* Work request: Give back the full data character for character.
BEGIN Provided records
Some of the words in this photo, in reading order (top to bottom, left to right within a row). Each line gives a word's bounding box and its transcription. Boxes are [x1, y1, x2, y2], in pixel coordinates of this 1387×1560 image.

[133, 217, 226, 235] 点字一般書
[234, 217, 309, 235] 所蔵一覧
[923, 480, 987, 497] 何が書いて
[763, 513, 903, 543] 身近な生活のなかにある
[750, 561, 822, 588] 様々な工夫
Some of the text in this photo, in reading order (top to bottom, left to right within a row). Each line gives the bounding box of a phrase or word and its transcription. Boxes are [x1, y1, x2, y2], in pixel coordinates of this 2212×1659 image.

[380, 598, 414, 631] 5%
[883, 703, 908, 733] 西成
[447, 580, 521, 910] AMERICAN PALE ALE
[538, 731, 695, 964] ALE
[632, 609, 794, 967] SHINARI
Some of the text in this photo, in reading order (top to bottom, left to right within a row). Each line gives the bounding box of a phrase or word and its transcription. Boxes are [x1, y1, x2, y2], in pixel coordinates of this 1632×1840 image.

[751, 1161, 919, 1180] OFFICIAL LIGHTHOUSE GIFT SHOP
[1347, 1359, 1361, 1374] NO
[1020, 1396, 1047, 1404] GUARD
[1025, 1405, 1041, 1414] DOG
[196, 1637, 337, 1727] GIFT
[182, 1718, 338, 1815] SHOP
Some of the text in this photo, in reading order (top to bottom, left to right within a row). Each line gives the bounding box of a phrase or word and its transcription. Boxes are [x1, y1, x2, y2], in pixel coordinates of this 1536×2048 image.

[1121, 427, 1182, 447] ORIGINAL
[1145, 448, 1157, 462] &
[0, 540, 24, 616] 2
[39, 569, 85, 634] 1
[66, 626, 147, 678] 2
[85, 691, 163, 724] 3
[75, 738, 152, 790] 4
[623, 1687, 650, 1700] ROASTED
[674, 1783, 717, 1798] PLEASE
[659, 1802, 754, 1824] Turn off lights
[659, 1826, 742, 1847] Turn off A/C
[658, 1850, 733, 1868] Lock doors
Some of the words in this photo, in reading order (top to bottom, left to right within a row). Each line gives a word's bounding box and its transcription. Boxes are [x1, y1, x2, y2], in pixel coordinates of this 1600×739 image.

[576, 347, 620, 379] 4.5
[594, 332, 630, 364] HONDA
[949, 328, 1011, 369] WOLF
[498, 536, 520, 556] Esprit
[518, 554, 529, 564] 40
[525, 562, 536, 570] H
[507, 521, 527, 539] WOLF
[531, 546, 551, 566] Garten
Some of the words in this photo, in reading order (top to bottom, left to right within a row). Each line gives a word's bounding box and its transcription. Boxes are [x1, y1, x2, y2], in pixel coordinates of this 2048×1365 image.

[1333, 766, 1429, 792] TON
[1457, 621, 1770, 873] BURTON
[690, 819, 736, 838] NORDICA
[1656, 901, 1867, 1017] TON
END Provided records
* Answer to this task:
Some of the words in this photo, in reading order (top to bottom, left to right within a row). Each line gives a word's bounding box and its transcription. Boxes are [x1, y1, x2, y2], in pixel coordinates of this 1387×1560 image.

[133, 217, 226, 235] 点字一般書
[234, 217, 309, 235] 所蔵一覧
[923, 480, 987, 497] 何が書いて
[763, 513, 903, 543] 身近な生活のなかにある
[750, 561, 822, 588] 様々な工夫
Some of the text in this photo, in reading order (top to bottom, left to right within a row). Each line gives the bounding box of a phrase or word and its transcription. Boxes are [x1, y1, x2, y2], in pixel coordinates of this 2212×1659 image.

[380, 598, 414, 631] 5%
[883, 703, 908, 733] 西成
[447, 580, 521, 910] AMERICAN PALE ALE
[538, 731, 695, 964] ALE
[632, 609, 794, 967] SHINARI
Some of the text in this photo, in reading order (top to bottom, left to right within a row). Each line gives the bounding box of a phrase or word and its transcription. Boxes are [x1, y1, x2, y2], in pixel coordinates of this 1632×1840 image.

[751, 1161, 919, 1180] OFFICIAL LIGHTHOUSE GIFT SHOP
[1347, 1359, 1361, 1374] NO
[1020, 1396, 1047, 1404] GUARD
[1025, 1405, 1041, 1414] DOG
[196, 1637, 337, 1727] GIFT
[182, 1718, 338, 1815] SHOP
Some of the text in this photo, in reading order (top to bottom, left to right within a row). Each line gives the bounding box of a phrase or word and its transcription. Boxes are [x1, y1, x2, y2], in pixel coordinates of this 1536×2048 image.

[1121, 427, 1182, 447] ORIGINAL
[1145, 448, 1157, 462] &
[0, 540, 24, 616] 2
[39, 569, 85, 634] 1
[66, 626, 147, 678] 2
[85, 691, 163, 724] 3
[75, 738, 152, 790] 4
[623, 1687, 650, 1700] ROASTED
[674, 1783, 717, 1798] PLEASE
[659, 1802, 754, 1824] Turn off lights
[659, 1826, 742, 1847] Turn off A/C
[658, 1850, 733, 1868] Lock doors
Some of the words in this photo, in reading order (top to bottom, left to right within a row). Each line gives a word's bounding box and its transcription. Boxes are [x1, y1, x2, y2], in pixel coordinates of this 1600×739 image.

[576, 347, 620, 379] 4.5
[594, 332, 630, 364] HONDA
[949, 328, 1011, 369] WOLF
[498, 536, 520, 556] Esprit
[518, 554, 529, 564] 40
[525, 562, 536, 570] H
[507, 521, 527, 539] WOLF
[531, 546, 551, 566] Garten
Some of the words in this photo, in reading order (top to bottom, left to right within a row). Each line gives a word's bounding box and its transcription. Boxes are [x1, y1, x2, y2], in pixel coordinates of this 2048×1365 image.

[1333, 766, 1429, 792] TON
[1457, 621, 1770, 873] BURTON
[690, 819, 736, 838] NORDICA
[1656, 901, 1867, 1017] TON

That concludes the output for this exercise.